Suppose the US government is right now conducting a warrantless surveillance program that not only listens to international calls but to domestic calls, too – in clear violation of the law. Pretend that the press finds out but the administration refuses to acknowledge its existence. In that case, plaintiffs who went to court to argue its illegality wouldn't get very far.

Why not? The government would simply assert the state secrets privilege, which claims that litigation would disclose information damaging to national security. The courts – as they almost always do – would defer to that argument and dismiss the case. The government program would continue, legally unchecked.

That kind of result underscores why courts must not automatically buckle to the state secrets privilege. When the government asserts this privilege, it is merely that: an assertion.

Judge Anna Diggs Taylor rightfully recognized this in her ruling last month that the National Security Agency's (NSA) Terrorist Surveillance Program (TSP) – which monitors the international phone calls and Internet communications between American residents and suspected terrorists abroad – was unconstitutional. But the government also learned a valuable lesson: If it wants to win court cases of this kind, it will simply neither confirm nor deny the existence of surveillance programs.

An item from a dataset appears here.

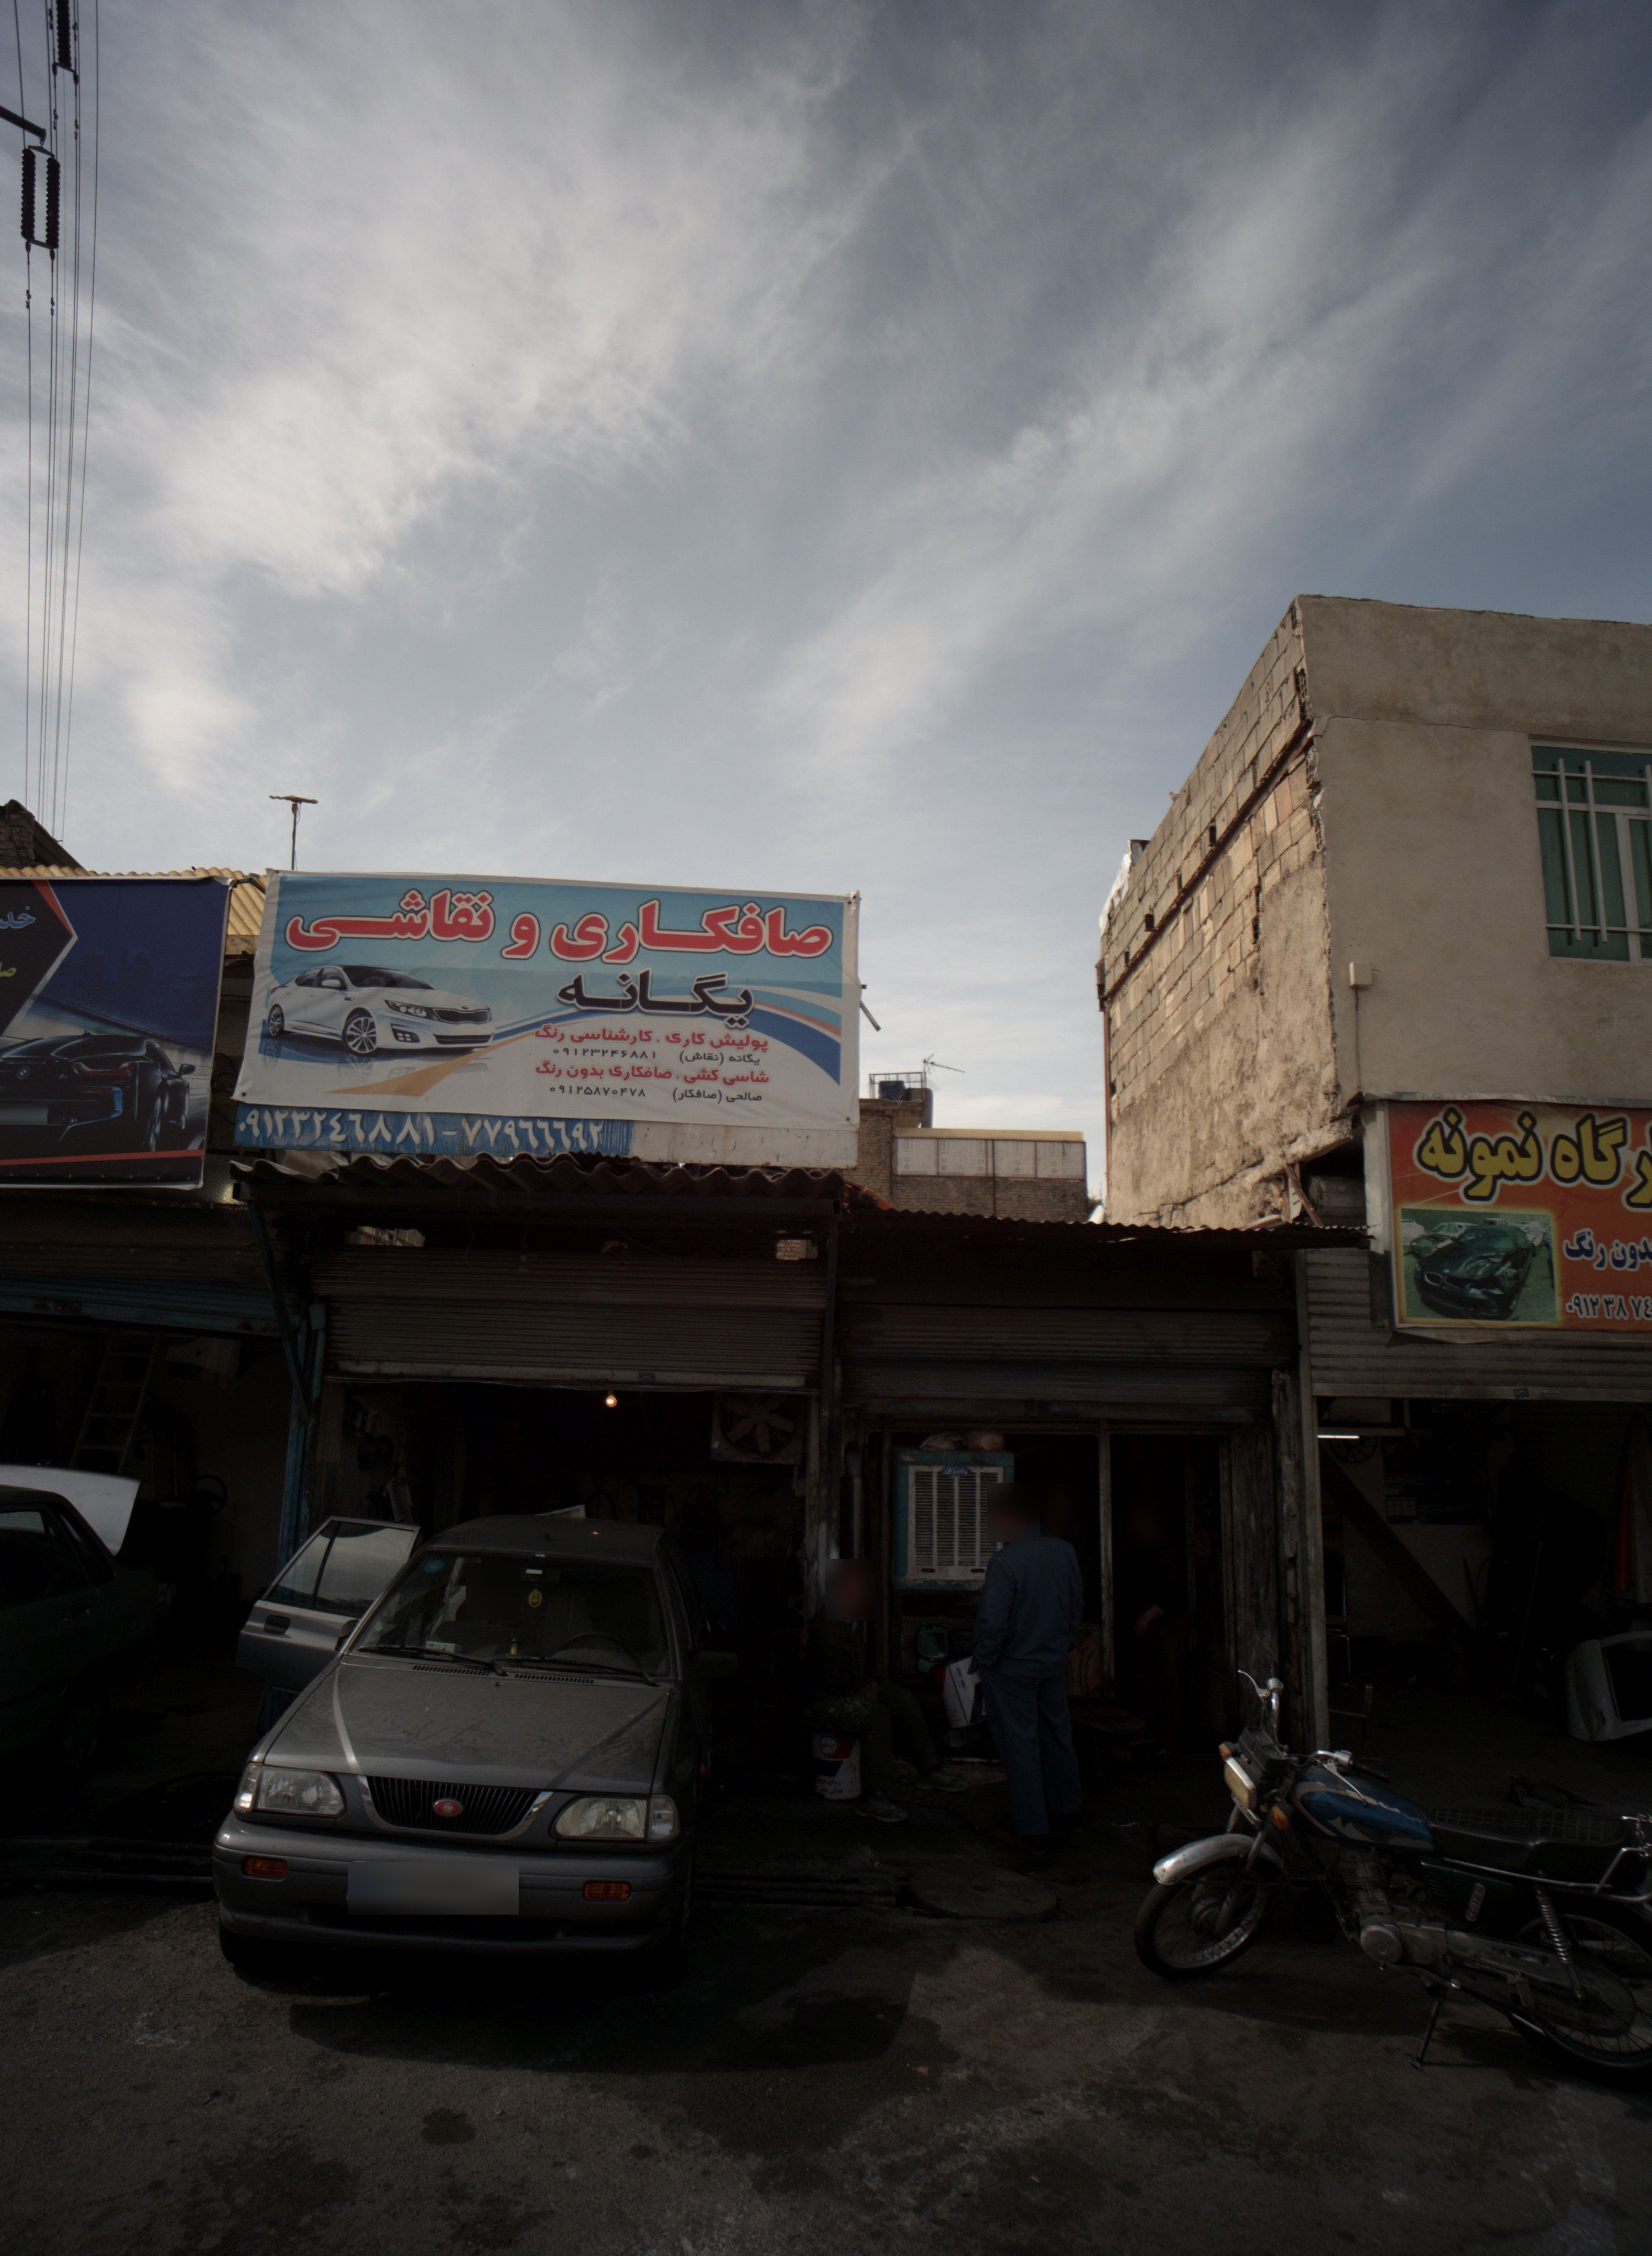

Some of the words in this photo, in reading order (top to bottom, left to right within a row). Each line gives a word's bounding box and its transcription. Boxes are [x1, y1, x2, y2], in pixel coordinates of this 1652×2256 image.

That's no longer an option in this case, which now heads to the US Court of Appeals for the Sixth Circuit, in Cincinnati. The reason? The government actually acknowledged the NSA program. By doing so, Judge Taylor reasoned, the plaintiffs could adequately show standing – meaning, that they had been injured and could challenge the legality of the program.

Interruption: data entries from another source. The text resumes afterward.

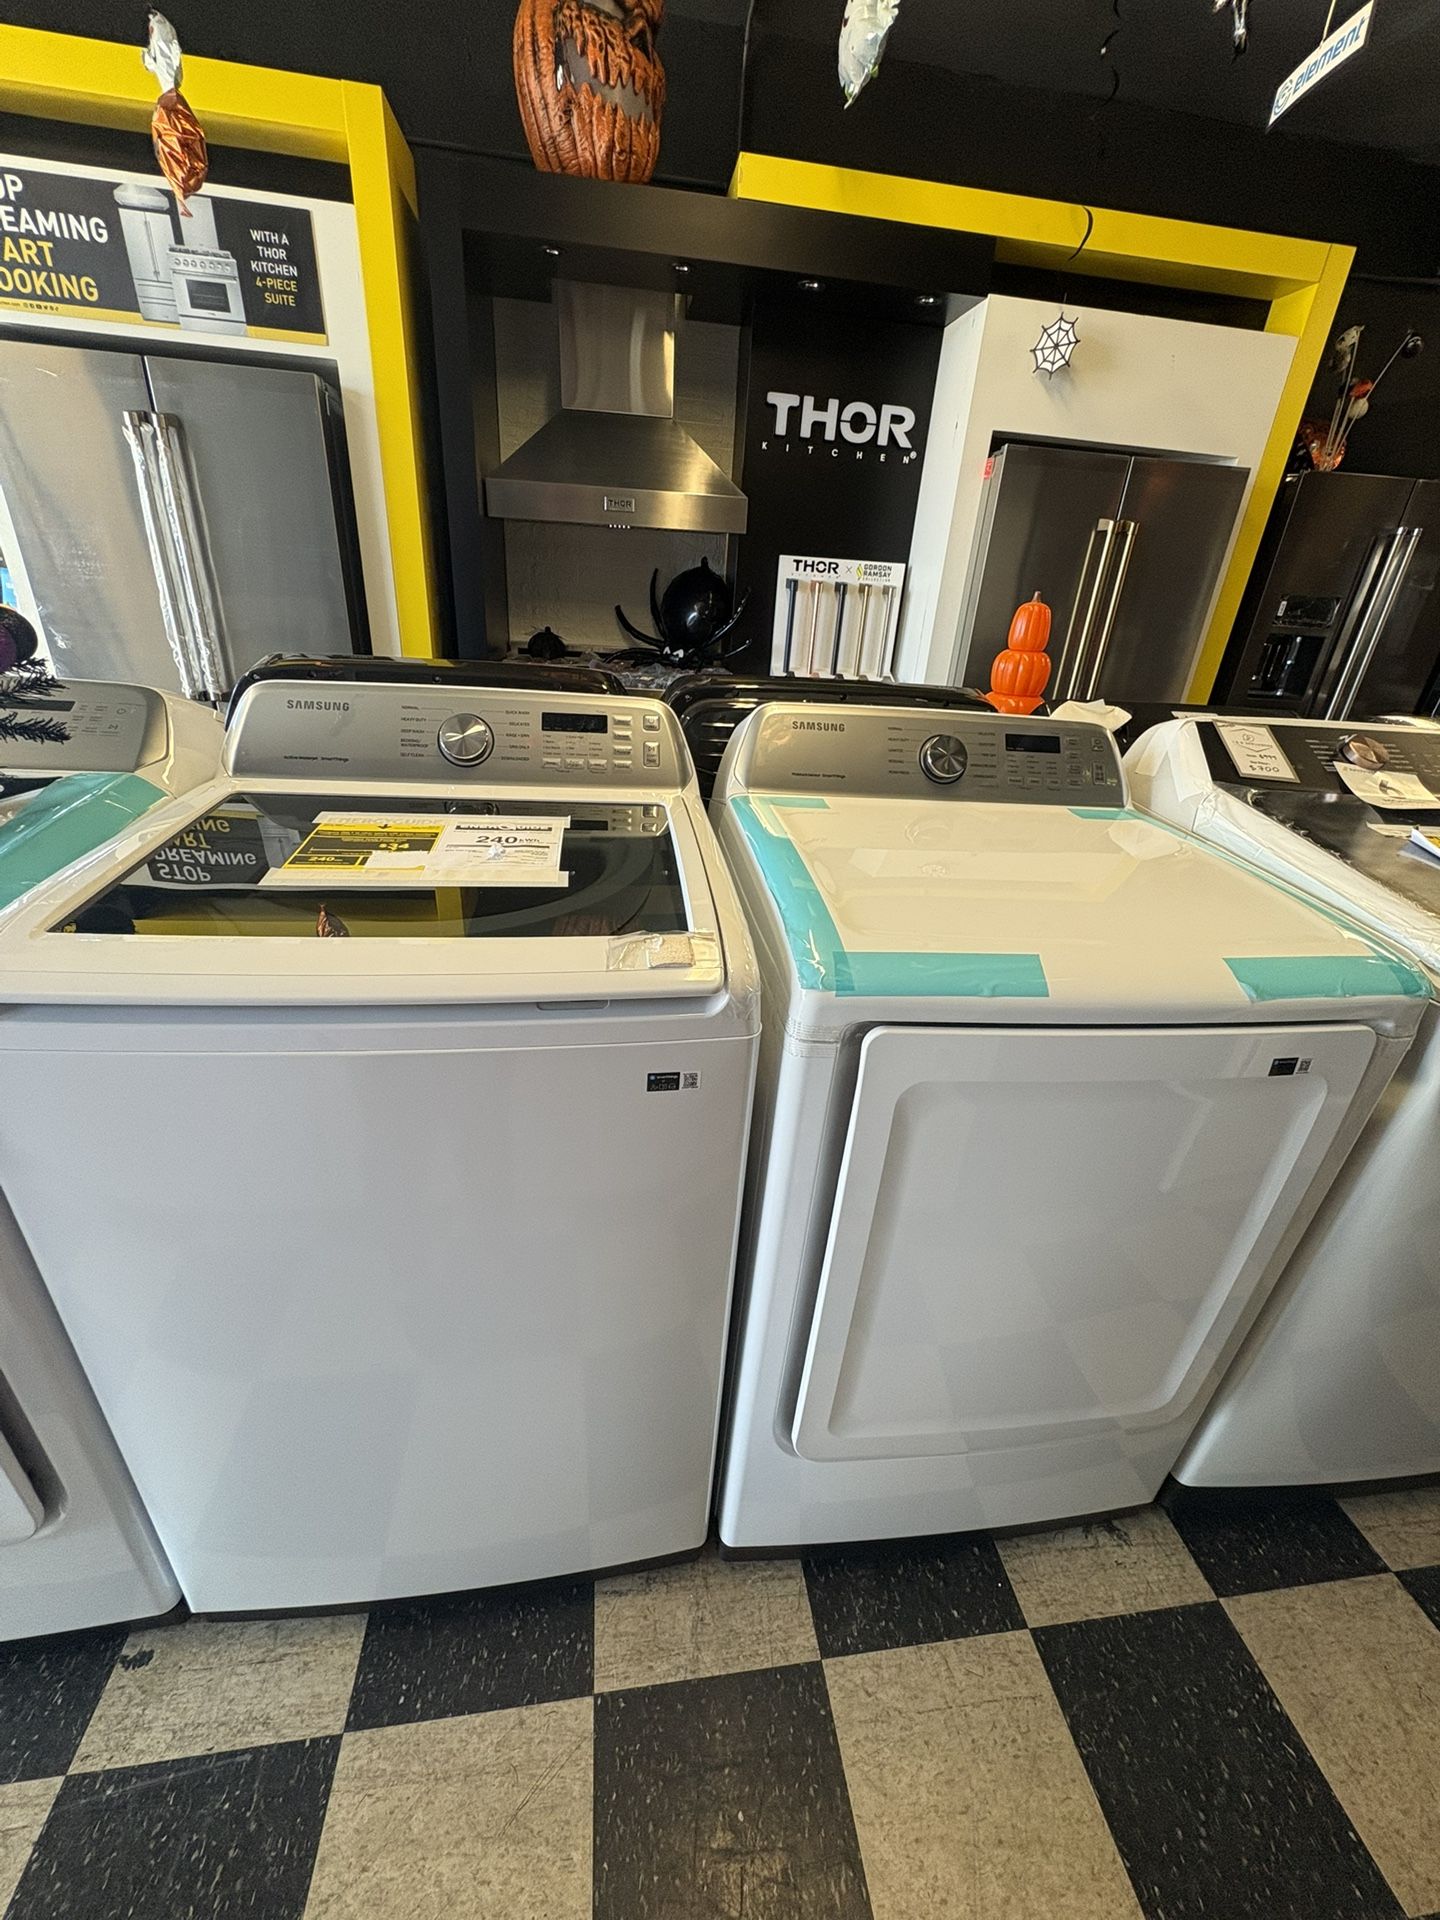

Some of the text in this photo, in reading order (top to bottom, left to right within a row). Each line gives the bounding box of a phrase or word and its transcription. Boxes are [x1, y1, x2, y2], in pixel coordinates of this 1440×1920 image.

[1292, 16, 1366, 95] element
[0, 205, 109, 244] EAMING
[249, 228, 290, 246] WITH A
[256, 245, 287, 261] THOR
[250, 260, 298, 277] KITCHEN
[256, 276, 298, 292] 4-PIECE
[265, 292, 296, 307] SUITE
[766, 391, 917, 448] THOR
[608, 499, 632, 508] THOR
[793, 559, 839, 574] THOR
[863, 563, 892, 571] GORDON
[863, 570, 892, 578] RAMSAY
[286, 699, 350, 711] SAMSUNG
[792, 720, 845, 732] SAMSUNG
[475, 835, 518, 844] 240

Her decision swept broadly, holding that the TSP violated the separation of powers doctrine, the First and Fourth Amendments, and statutory law. She also rejected the administration's reliance on two key sources of authority: "inherent" presidential power and the statute enacted in September 2001 by Congress to support military action against Afghanistan.

Despite the government's protest, Taylor decided that the TSP was scarcely secret, given that the administration had admitted its existence and defended its value in keeping America safe. As she wrote: "The president indeed has publicly acknowledged that the types of calls Plaintiffs are making are the types of conversations that would be subject to the TSP."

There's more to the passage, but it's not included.